• **SUPPLIED INFORMATION**:

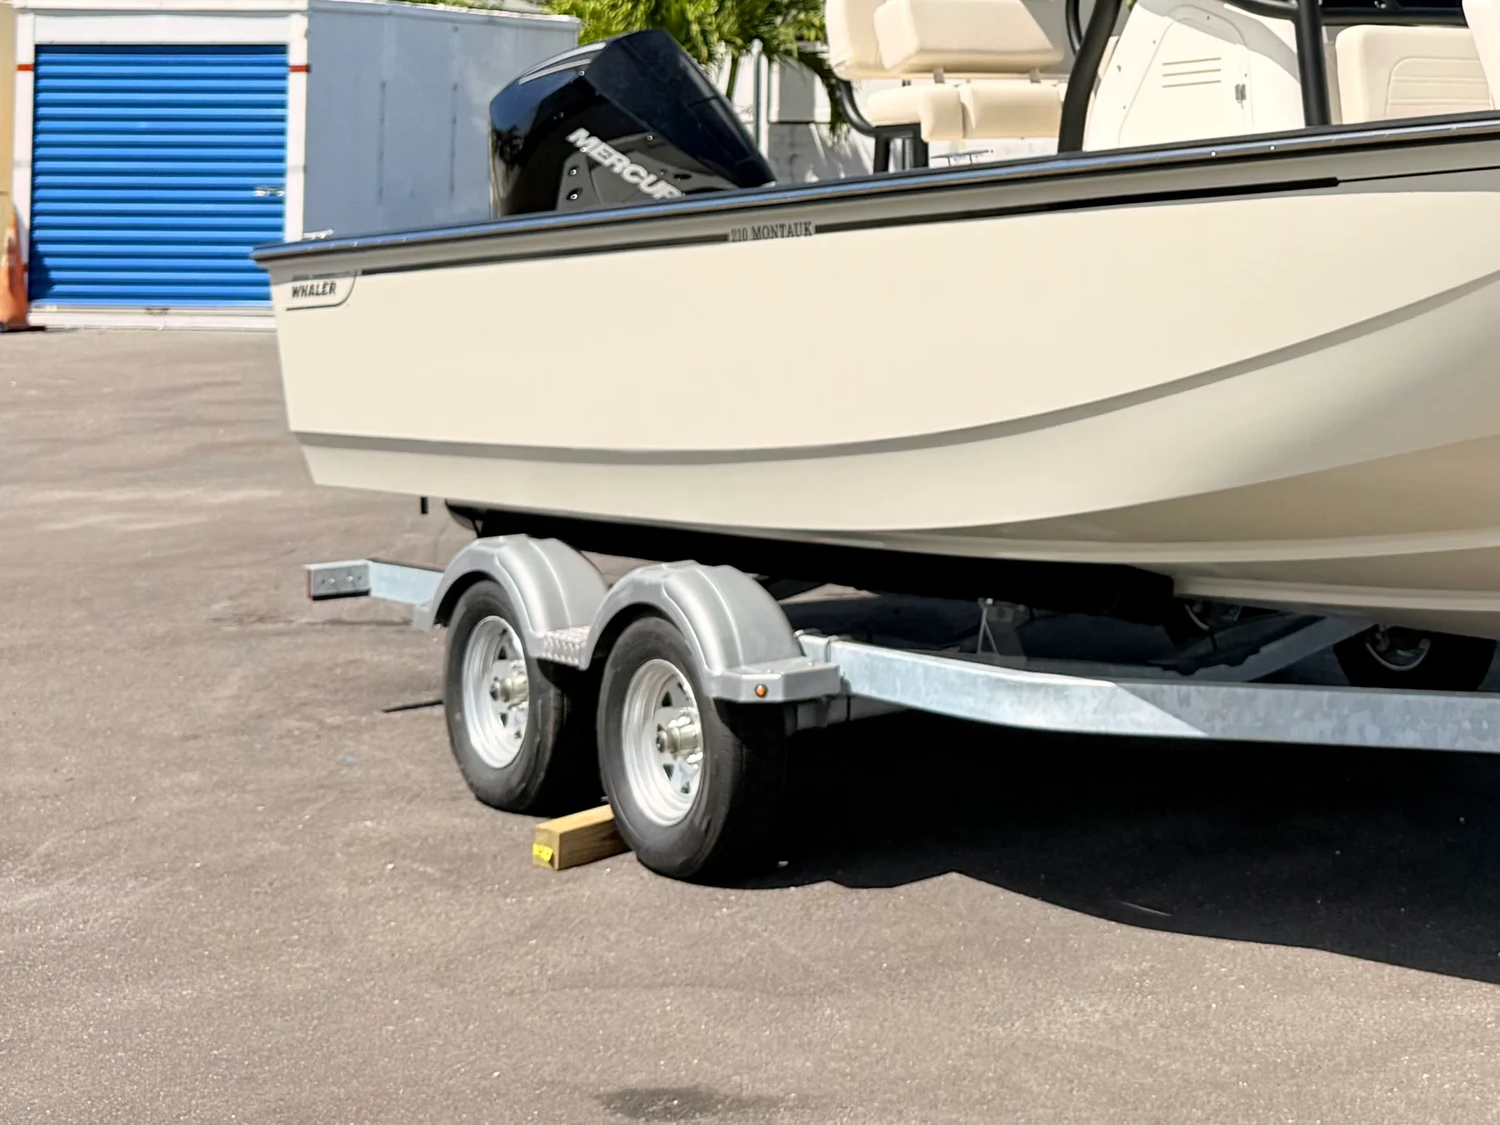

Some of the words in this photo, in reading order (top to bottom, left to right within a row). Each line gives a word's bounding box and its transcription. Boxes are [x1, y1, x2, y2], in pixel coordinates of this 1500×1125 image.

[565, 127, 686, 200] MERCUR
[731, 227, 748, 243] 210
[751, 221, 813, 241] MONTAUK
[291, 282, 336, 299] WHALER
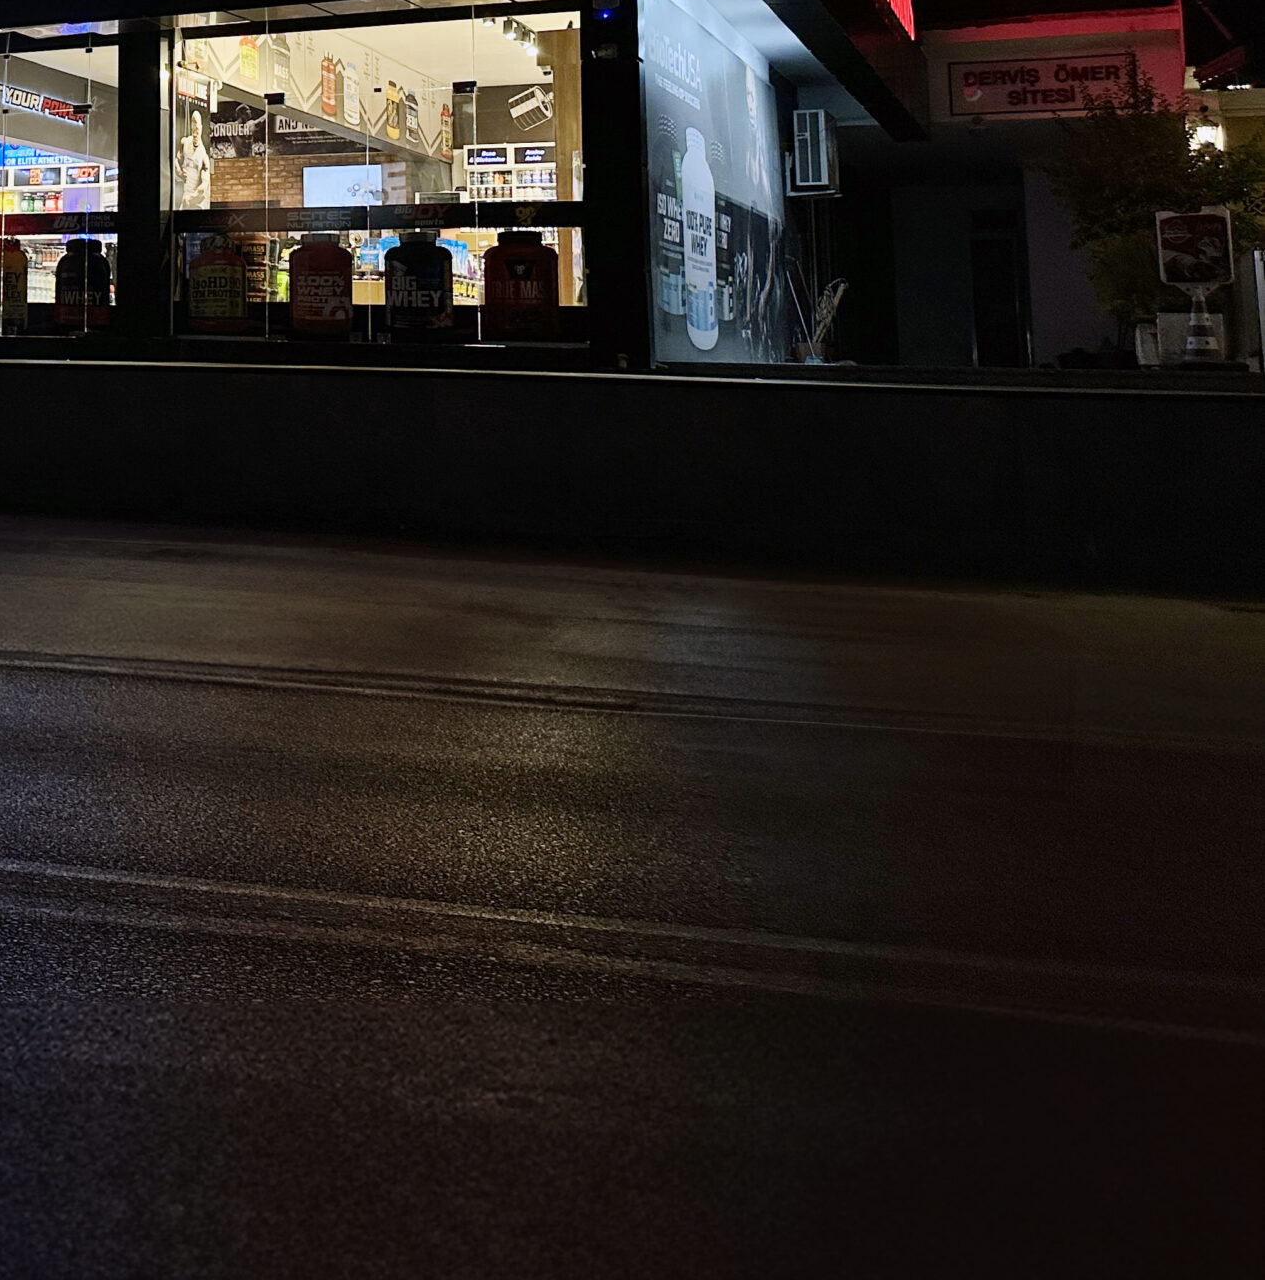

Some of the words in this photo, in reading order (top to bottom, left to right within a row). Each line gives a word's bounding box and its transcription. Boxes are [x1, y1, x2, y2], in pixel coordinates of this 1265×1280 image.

• **EXERCISE OBJECTIVE**: Apart from the pictures, write every entry out again exactly.

• **RESULT FOR THIS TASK**:
Some of the words in this photo, in reading order (top to bottom, left to right within a row). Each line gives a word's bounding box and its transcription. Boxes are [x1, y1, x2, y2], in pixel coordinates of this 1500×1125 image.

[565, 127, 686, 200] MERCUR
[731, 227, 748, 243] 210
[751, 221, 813, 241] MONTAUK
[291, 282, 336, 299] WHALER

Some of the words in this photo, in reading order (top to bottom, left to right within a row). Each line gives a word's bounding box and its transcription. Boxes are [x1, y1, x2, y2], in pixel coordinates of this 1265×1280 image.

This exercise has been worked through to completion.